Mandato Pedro Sánchez assume presidência do governo da Espanha Líder do Partido Socialista tomou posse neste sábado e prestou juramento ante o rei Felipe VI

Por: AFP - Agence France-Presse

Publicado em: 02/06/2018 11:27 Atualizado em: 02/06/2018 11:38

Foto: Emilio Naranjo / AFP
Foto: Emilio Naranjo / AFP
O líder do Partido Socialista, Pedro Sánchez, tomou posse neste sábado com presidente do governo espanhol, um dia depois de uma histórica moção contra o conservador conservador Mariano Rajoy.

Sánchez, economista de 46 anos e sem experiência de governo, prestou juramento ante o rei Felipe VI no Palácio de Zarzuela, perto de Madri.

"Prometo por minha consciência e honra cumprir fielmente as obrigações do cargo de presidente do governo com lealdade ao rei e fazer respeitar a Constituição como norma fundamental do Estado", afirmou com a mão sob a Carta Magna espanhola.

A grande novidade da cerimônia foi que, pela primeira vez desde a restauração da democracia em 1977, o novo presidente jurou sem símbolos religiosos, como a bíblia e o crucifixo.

O líder do Partido Socialista Operário Espanhol (PSOE) terá agora a tarefa de designar os membros de seu governo, que assumirão suas funções depois que a lista for publicada no  Diário Oficial do Estado nos próximos dias.

Na véspera, com o apoio de uma intrincada maioria, o que permite prever um mandato complicado, Sánchez derrubou Rajoy em uma moção de censura no Parlamento, e se tornou o novo primeiro-ministro da Espanha.

Na votação na Câmara, Sánchez reuniu o apoio da maioria dos deputados (180 de 350) para a moção de censura, apresentada depois que a Justiça condenou o Partido Popular (PP) de Rajoy em um caso de corrupção.

Para destituir Rajoy, Sánchez organizou uma complexa coalizão formada pela esquerda radical do partido Podemos, os separatistas catalães e os nacionalistas bascos.

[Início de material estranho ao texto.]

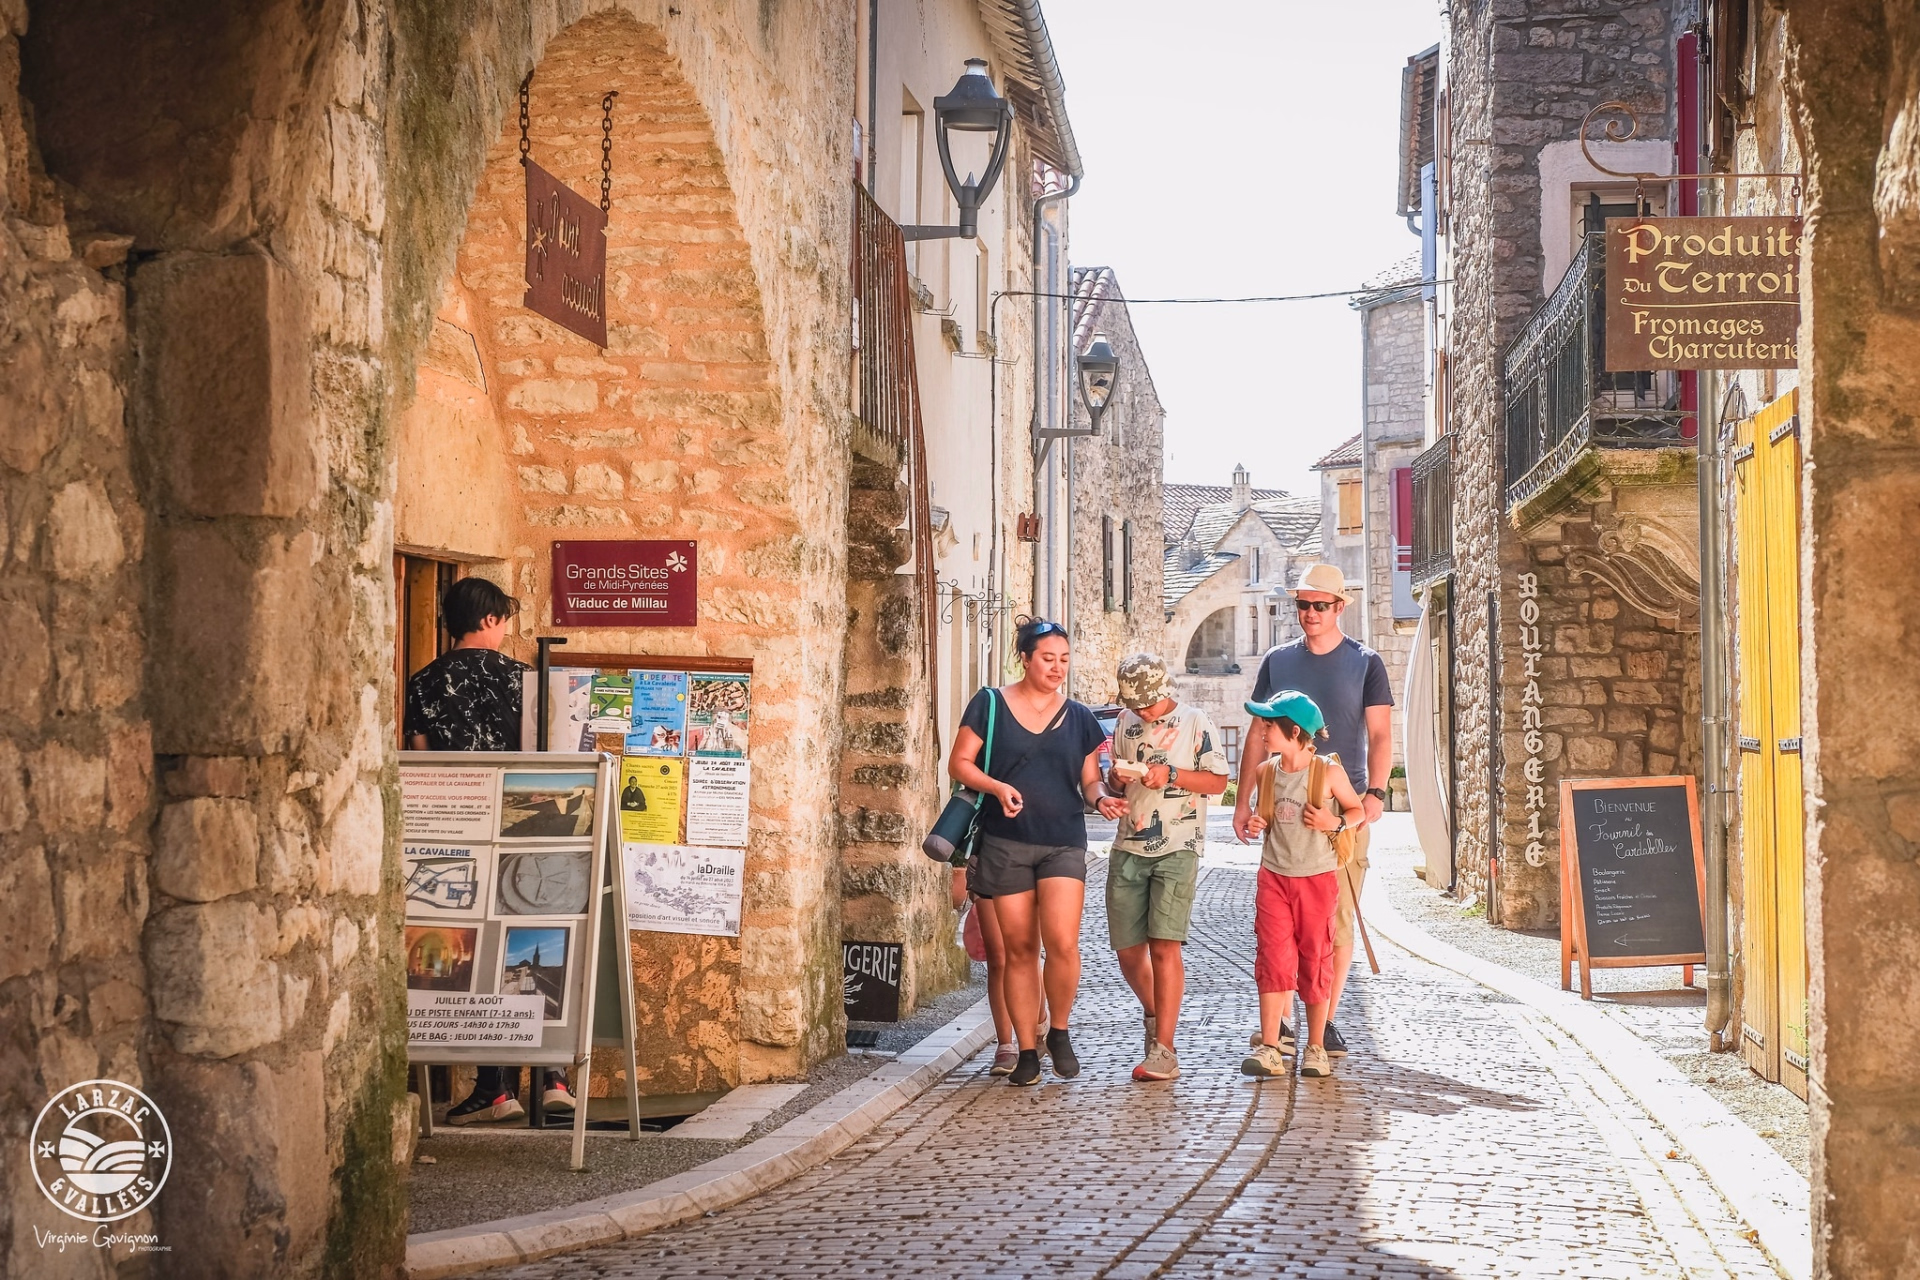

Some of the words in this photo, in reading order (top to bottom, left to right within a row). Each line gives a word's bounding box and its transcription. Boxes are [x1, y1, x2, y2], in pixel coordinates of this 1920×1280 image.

[549, 190, 580, 260] Point
[1622, 278, 1652, 294] Du
[1654, 261, 1801, 294] Terroi
[562, 272, 600, 323] accueil
[1630, 310, 1765, 340] Fromages
[566, 564, 626, 579] Grands
[628, 564, 669, 579] Sites
[584, 580, 596, 590] de
[598, 579, 669, 592] Midi-Pyrénées
[567, 598, 610, 608] Viaduc
[612, 598, 628, 608] de
[632, 598, 668, 608] Millau
[1518, 572, 1547, 868] BOULANGERIE
[1589, 818, 1642, 842] Fournil
[404, 847, 417, 855] LA
[419, 848, 470, 857] CAVALERIE
[697, 864, 735, 876] laDraille
[478, 996, 504, 1005] AOÛT
[489, 1010, 512, 1018] (7-12
[514, 1010, 535, 1018] ans):

No total, oito forças políticas votaram na sexta-feira, unidas na rejeição a Rajoy, que governava desde 2011, mas sofreu muitos golpes com a multiplicação dos casos de corrupção que envolviam seu partido

Depois de perder usas eleições gerais e ter sido afastado por seu partido, em apenas um ano Sánchez conseguiu recuperar a liderança do  PSOE apoiado pela militância.

- Desafio catalão -
A posse de Sánchez coincidiu com a cerimônia em que o novo governo catalão, do separatista Quim Torra, assumiu suas funções, pondo fim à intervenção da autonomia regional por parte de Madri após a fracassada declaração de independência de 27 de outubre.

"Presidente Pedro Sánchez, vamos nos falar, vamos tratar desta questão, vamos assumir riscos, o senhor e nós. Temos que nos sentar à mesma mesa e negociar de governo para governo. Esta situação que vivemos já não pode durar nem mais um dia", afirmou Torra na cerimônia catalã.

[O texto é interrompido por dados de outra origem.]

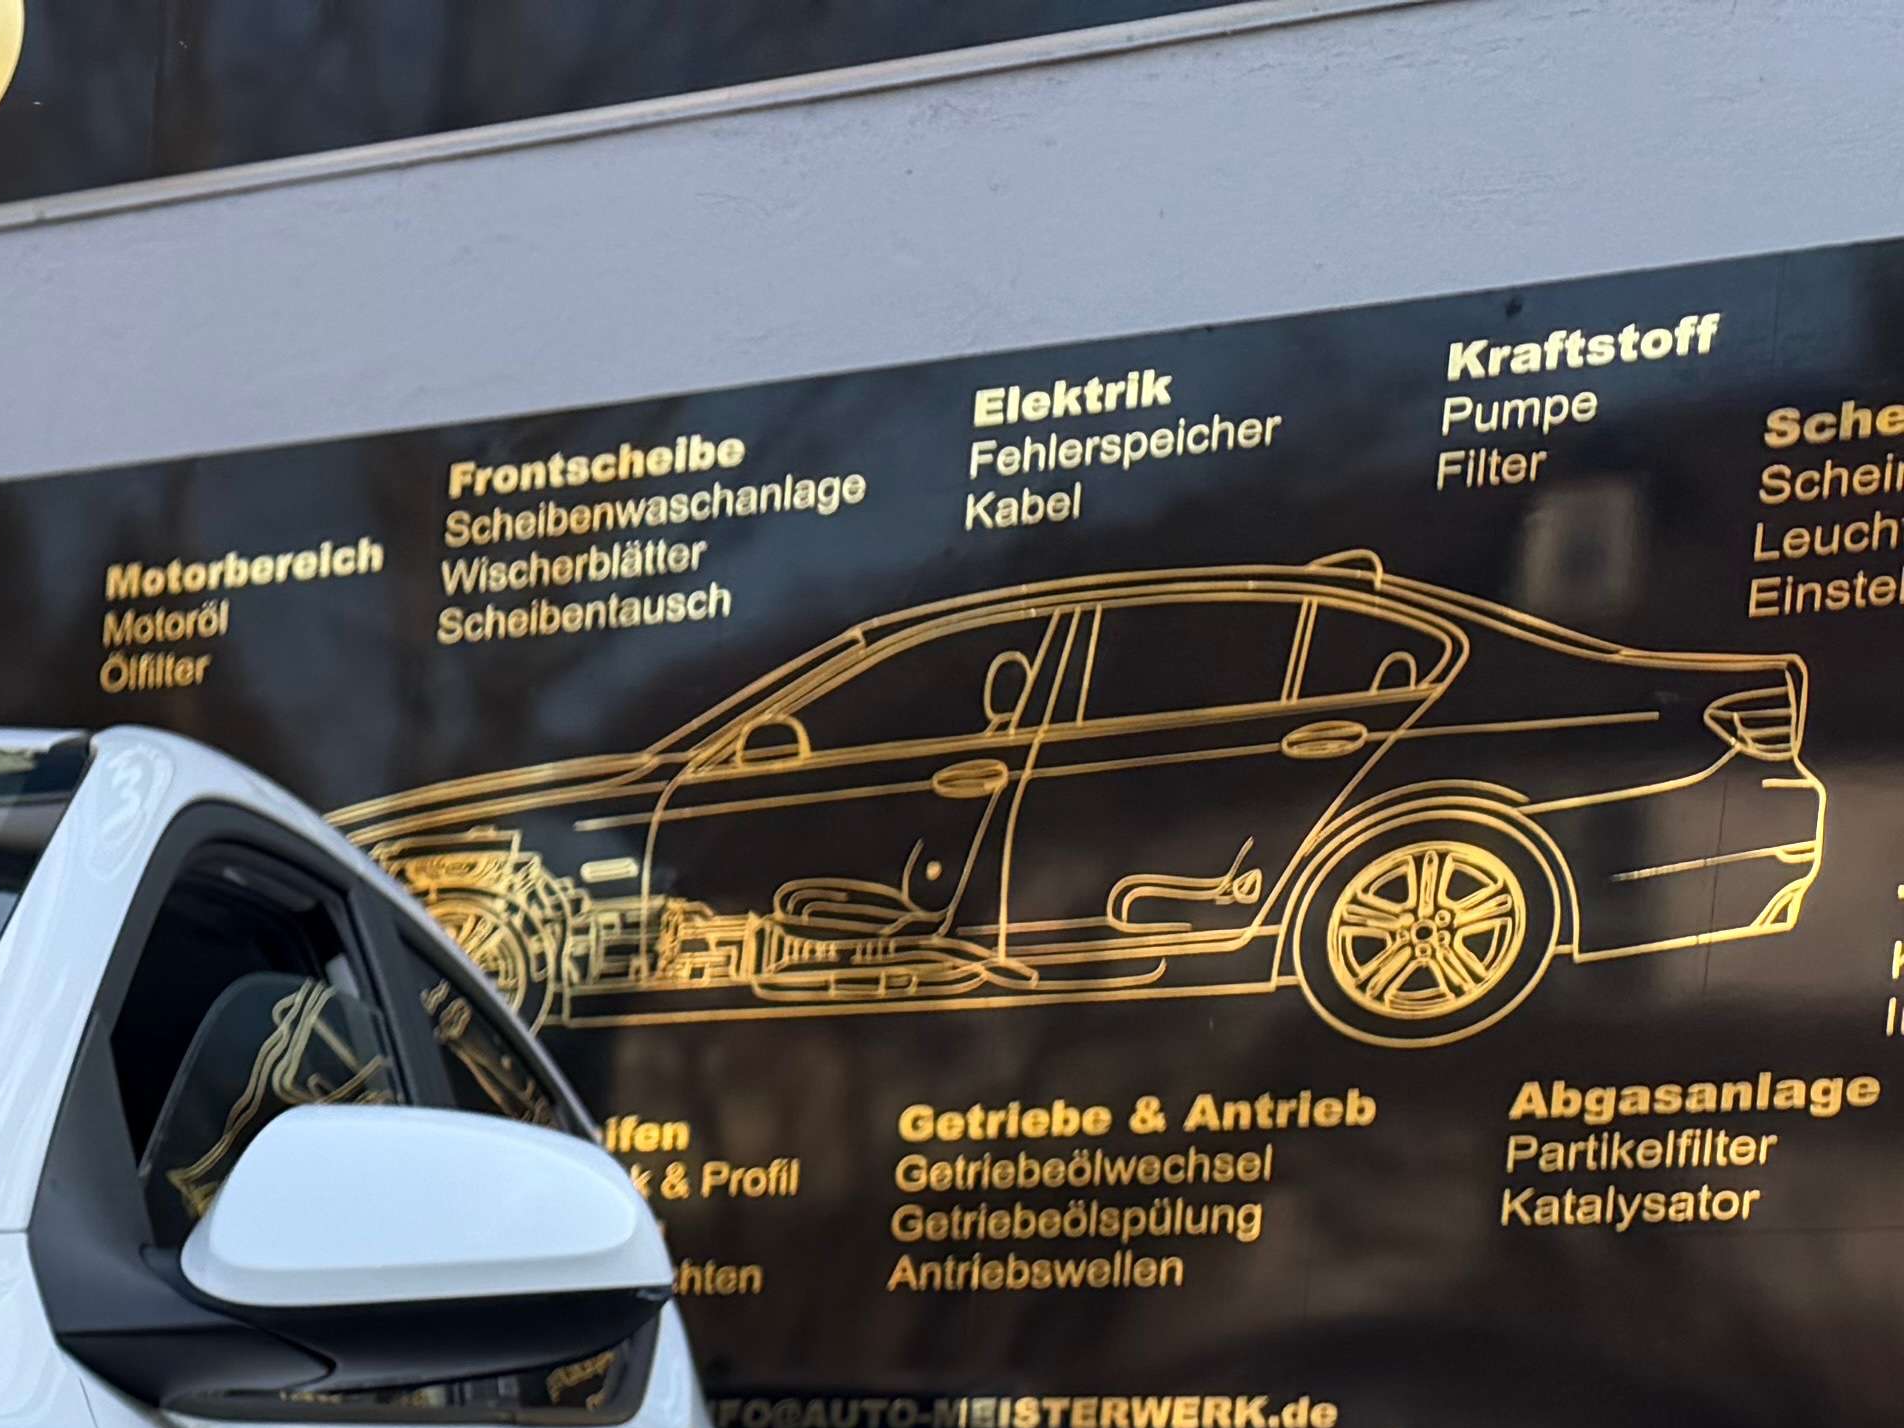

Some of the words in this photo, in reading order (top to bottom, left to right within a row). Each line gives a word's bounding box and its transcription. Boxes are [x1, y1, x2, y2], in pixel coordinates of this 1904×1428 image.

Quando era líder da oposição,  Sánchez criticou duramente a tentativa de separação e apoiou a estratégia governamental de impor o controle regional.

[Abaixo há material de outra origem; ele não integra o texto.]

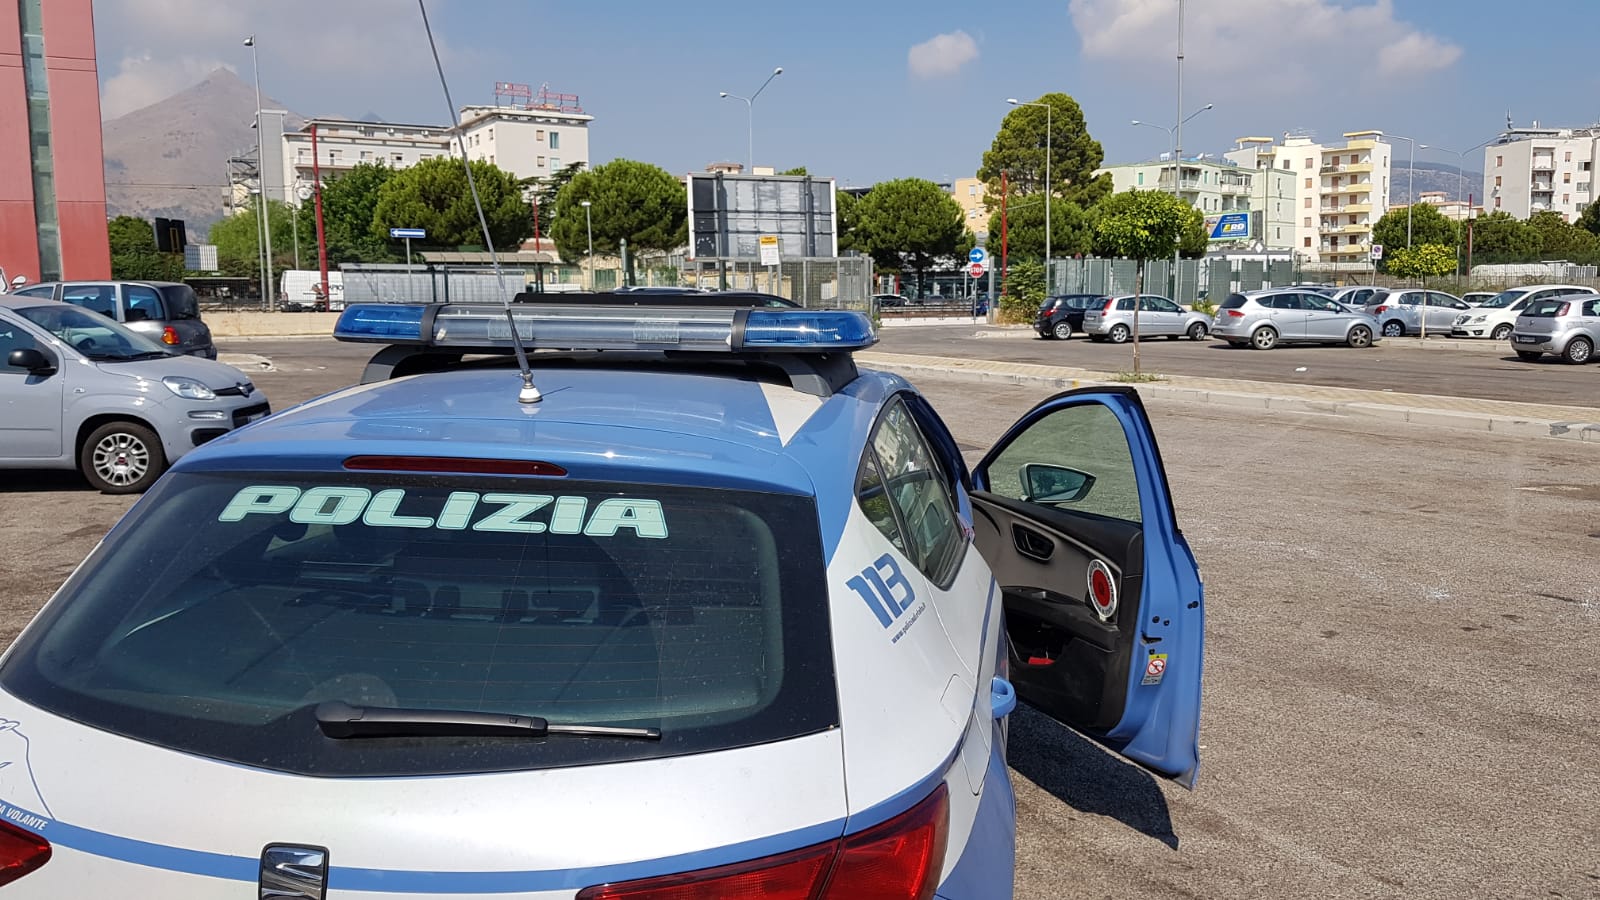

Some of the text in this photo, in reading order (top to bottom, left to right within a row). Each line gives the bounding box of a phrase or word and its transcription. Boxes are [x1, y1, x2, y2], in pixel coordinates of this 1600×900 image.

[217, 485, 669, 539] POLIZIA
[845, 553, 915, 629] 113
[6, 808, 48, 831] VOLANTE

Neste sábado, suavizou o tom quando prometeu ante o Congresso "restabelecer pontes" e "normalizar as relações" com o novo governo da Catalunha, uma região de 7,5 milhões de habitantes e detentora de 20% do PIB espanhol.

"É evidente que temos que realizar eleições gerais", afirmou ainda, sem mencionar datas.

Também reafirmou seu "compromisso com a Europa" e prometeu "estabilizar socialmente o país", que tem a segunda pior taxa de desemprego da zona euro.

-  Margem de ação limitada -
A maior pressão para realizar eleições o quanto antes certamente virá do partido liberal Cidadãos, que não apoiou a moção de censura e que, segundo as pesquisas, está em uma boa posição.

Sánchez verá limitada sua capacidade de ação, com todos os partidos que o apoiaram alertando que não deram a ele um cheque em branco.

O partido Podemos já criticou Sánchez por se comprometer a aplilcar o orçamento de Estado para 2018, elaborado pelo governo Rajoy.

Sánchez buscou com isso garantir o apoio decisivo do Partido Nacionalista Basco, que obeteve um generoso pacote de investimentos para o País Basco.

As iniciativas bem sucedidas de Sánchez serão as que darão a ele a possibilidade de conseguir maioria fácil, como, por exemplo, a reforma da lei de segurança, criticada pela esquerda, observou Fernando Vallespín, analista político da Universidade Autônoma de Madri.